Records contained in a dataset:
------------------------------------------------
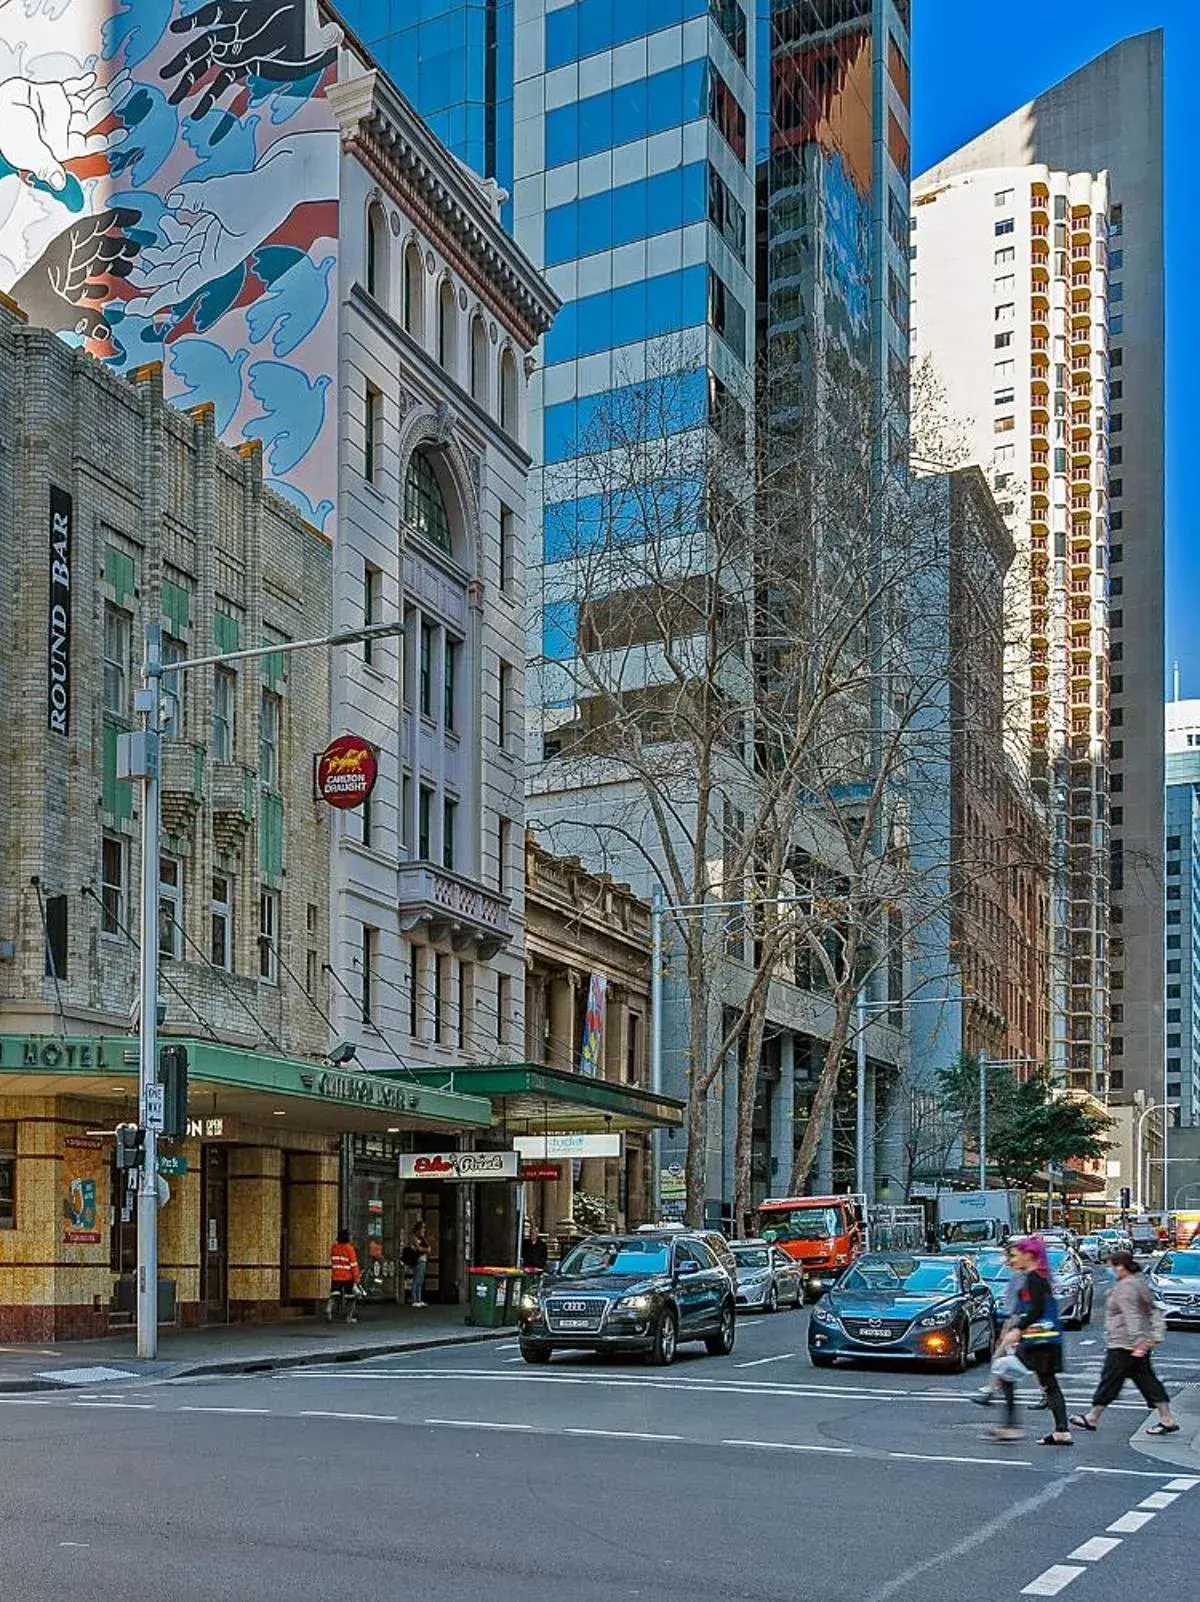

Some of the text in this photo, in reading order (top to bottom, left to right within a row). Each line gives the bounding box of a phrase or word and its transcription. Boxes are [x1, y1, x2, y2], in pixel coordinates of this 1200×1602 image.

[50, 512, 69, 736] ROUND BAR
[324, 782, 368, 793] DRAUGHT
[326, 773, 366, 784] CARLTON
[22, 1041, 108, 1069] HOTEL
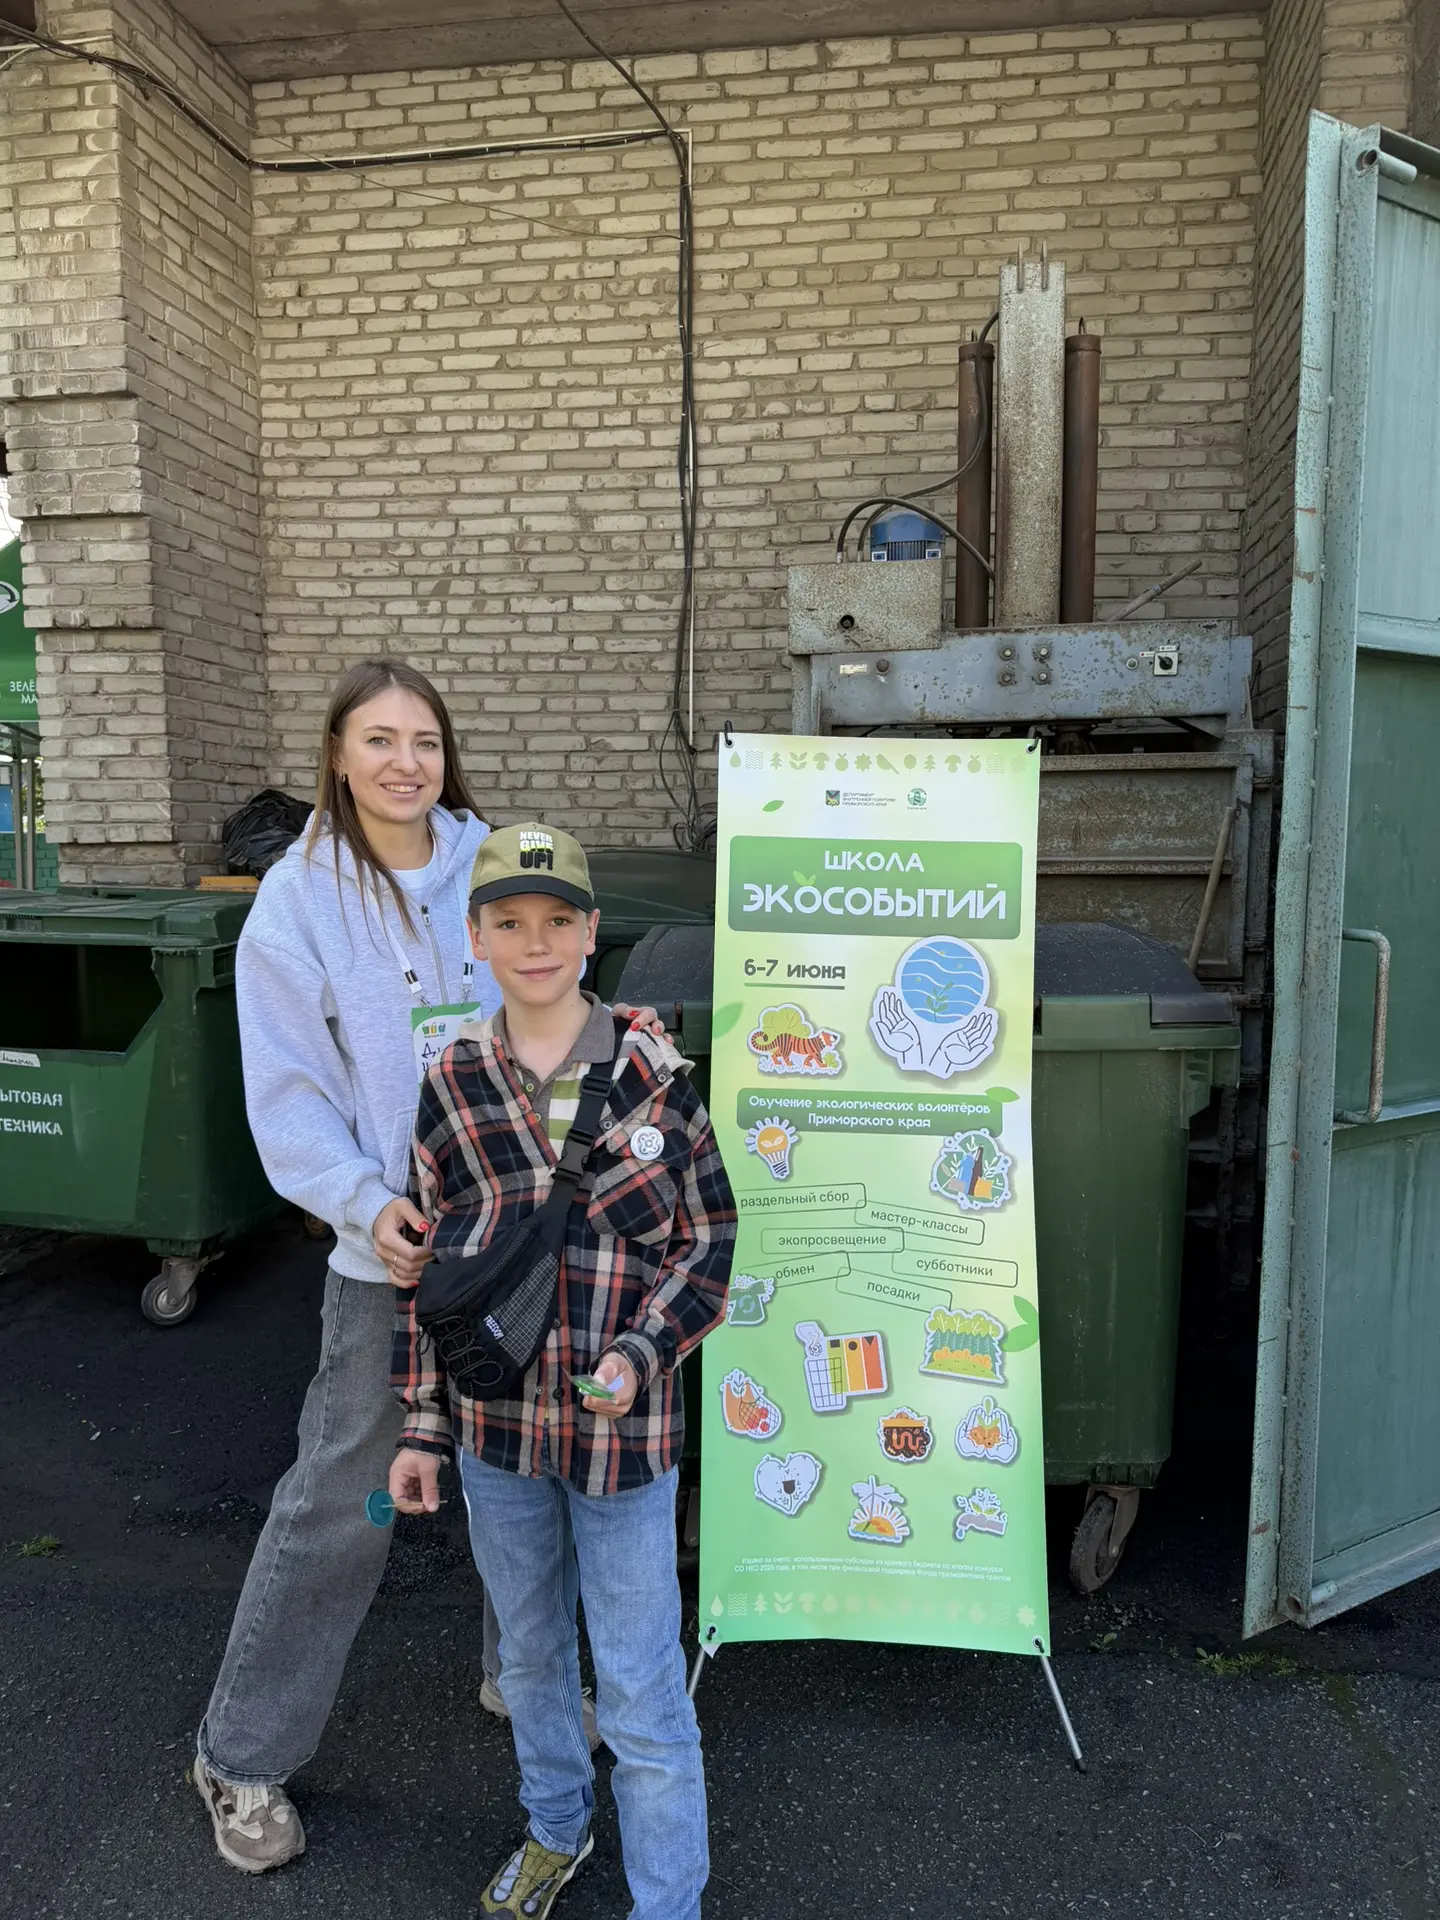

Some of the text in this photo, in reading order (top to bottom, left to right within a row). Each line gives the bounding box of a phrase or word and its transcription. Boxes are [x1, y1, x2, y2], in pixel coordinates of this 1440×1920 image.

[520, 831, 553, 842] NEVER
[520, 851, 554, 871] UP!
[824, 850, 925, 873] ШКОЛА
[742, 883, 1006, 919] ЭКОСОБЫТИЙ
[744, 959, 846, 979] 6-7 июня
[749, 1095, 991, 1116] Обучение экологических волонтёров
[808, 1112, 931, 1128] Приморского края
[741, 1191, 850, 1209] раздельный сбор
[870, 1209, 968, 1235] мастер-классы
[778, 1235, 887, 1248] экопросвещение
[775, 1264, 815, 1279] обмен
[916, 1258, 993, 1277] субботники
[866, 1280, 921, 1302] посадки
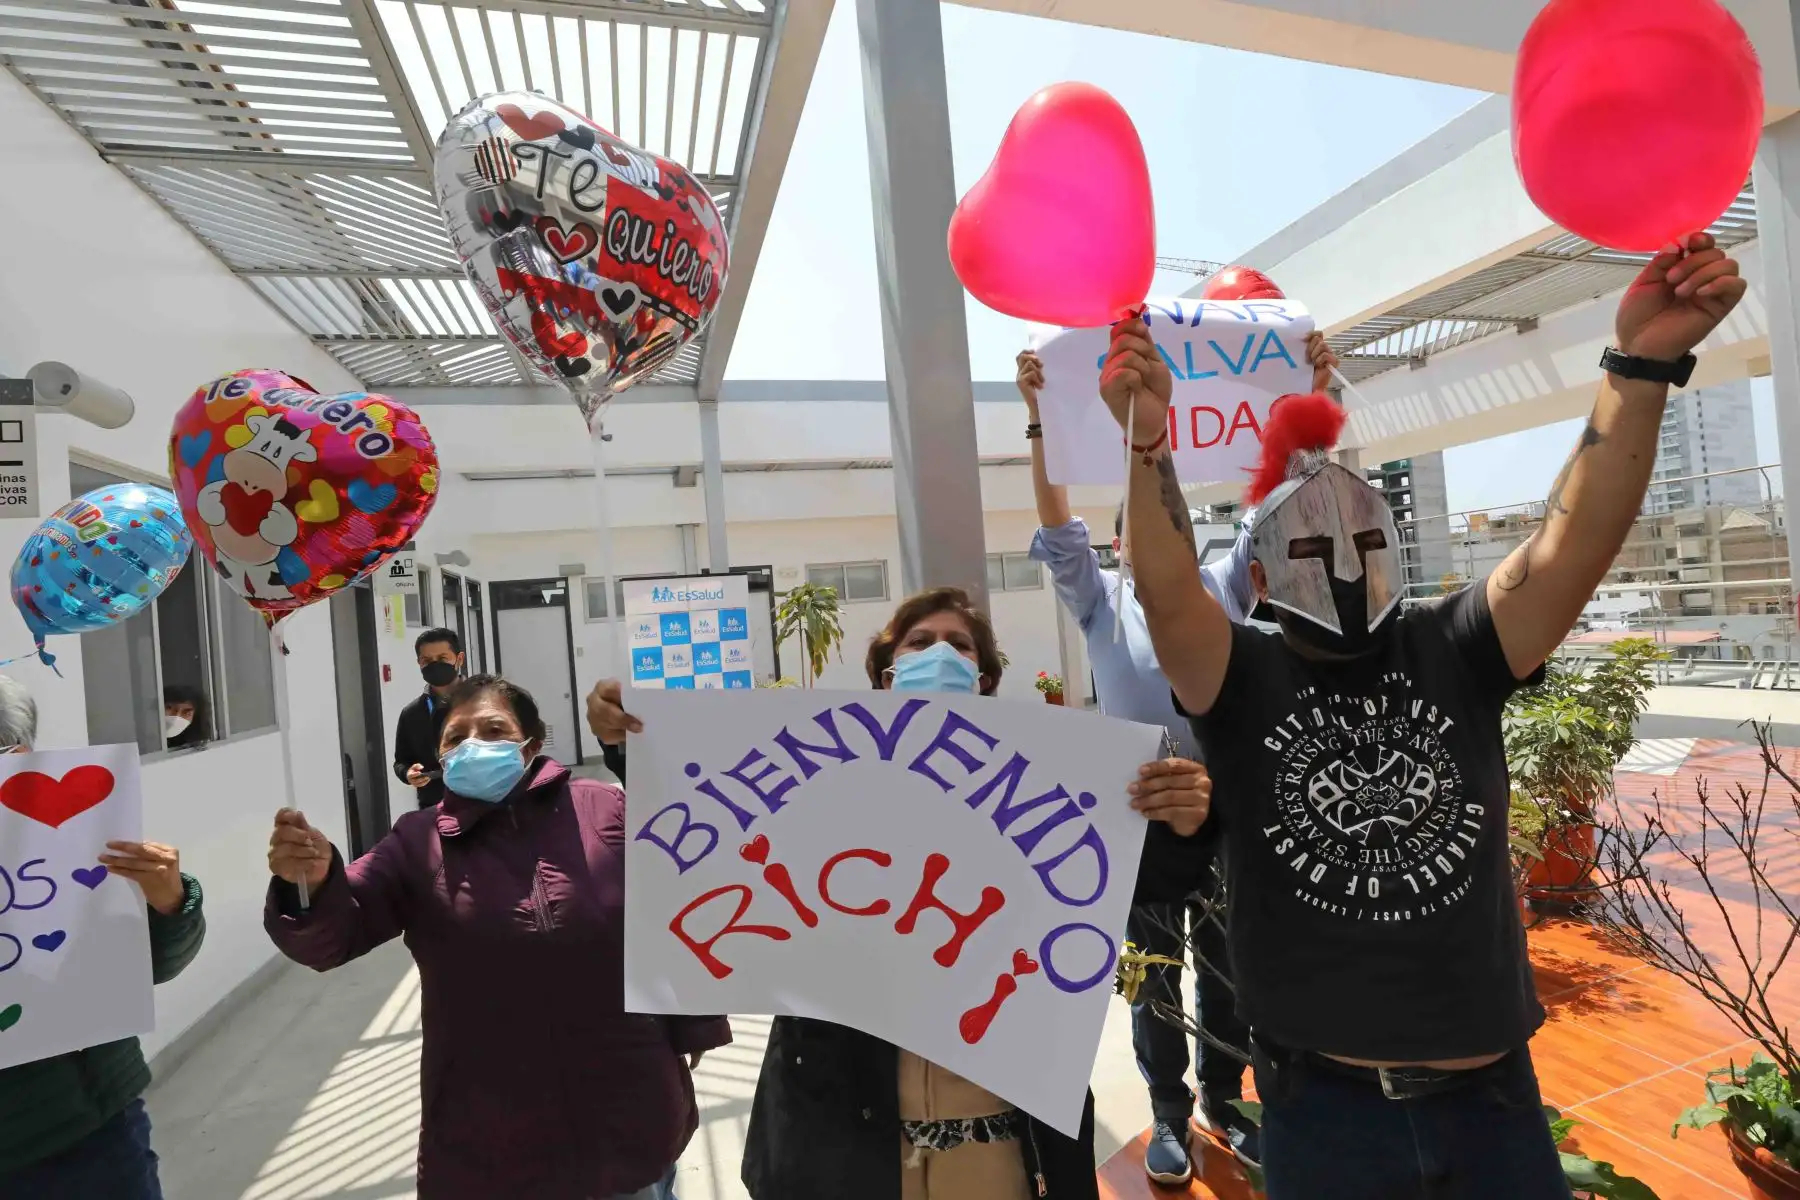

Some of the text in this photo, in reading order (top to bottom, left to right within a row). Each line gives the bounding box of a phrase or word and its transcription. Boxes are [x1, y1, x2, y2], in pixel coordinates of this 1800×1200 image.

[510, 142, 604, 213] Te
[605, 207, 713, 303] Quiero
[1110, 301, 1294, 328] NAR
[206, 377, 252, 402] Te
[1168, 394, 1290, 451] IDA
[677, 587, 724, 602] EsSalud
[1406, 699, 1454, 734] VST
[1345, 875, 1380, 899] OF
------------------------------------------------
From the first line to the last, set down the records above exactly and skip the pictures.

Some of the text in this photo, in reading order (top to bottom, left to right within a row). Each line gives the bounding box of a phrase or word and its transcription. Boxes are [x1, y1, x2, y2], in pixel coordinates of this 1200×1602 image.

[50, 512, 69, 736] ROUND BAR
[324, 782, 368, 793] DRAUGHT
[326, 773, 366, 784] CARLTON
[22, 1041, 108, 1069] HOTEL

Some of the text in this photo, in reading order (top to bottom, left to right within a row). Each line gives the bounding box of a phrase or word and its transcription. Boxes are [x1, y1, x2, y2], in pixel coordinates of this 1440×1920 image.

[520, 831, 553, 842] NEVER
[520, 851, 554, 871] UP!
[824, 850, 925, 873] ШКОЛА
[742, 883, 1006, 919] ЭКОСОБЫТИЙ
[744, 959, 846, 979] 6-7 июня
[749, 1095, 991, 1116] Обучение экологических волонтёров
[808, 1112, 931, 1128] Приморского края
[741, 1191, 850, 1209] раздельный сбор
[870, 1209, 968, 1235] мастер-классы
[778, 1235, 887, 1248] экопросвещение
[775, 1264, 815, 1279] обмен
[916, 1258, 993, 1277] субботники
[866, 1280, 921, 1302] посадки

Some of the text in this photo, in reading order (top to bottom, left to right within a row). Each line gives the bounding box of a phrase or word and its transcription. Boxes are [x1, y1, x2, y2], in pixel coordinates of this 1800×1200 image.

[510, 142, 604, 213] Te
[605, 207, 713, 303] Quiero
[1110, 301, 1294, 328] NAR
[206, 377, 252, 402] Te
[1168, 394, 1290, 451] IDA
[677, 587, 724, 602] EsSalud
[1406, 699, 1454, 734] VST
[1345, 875, 1380, 899] OF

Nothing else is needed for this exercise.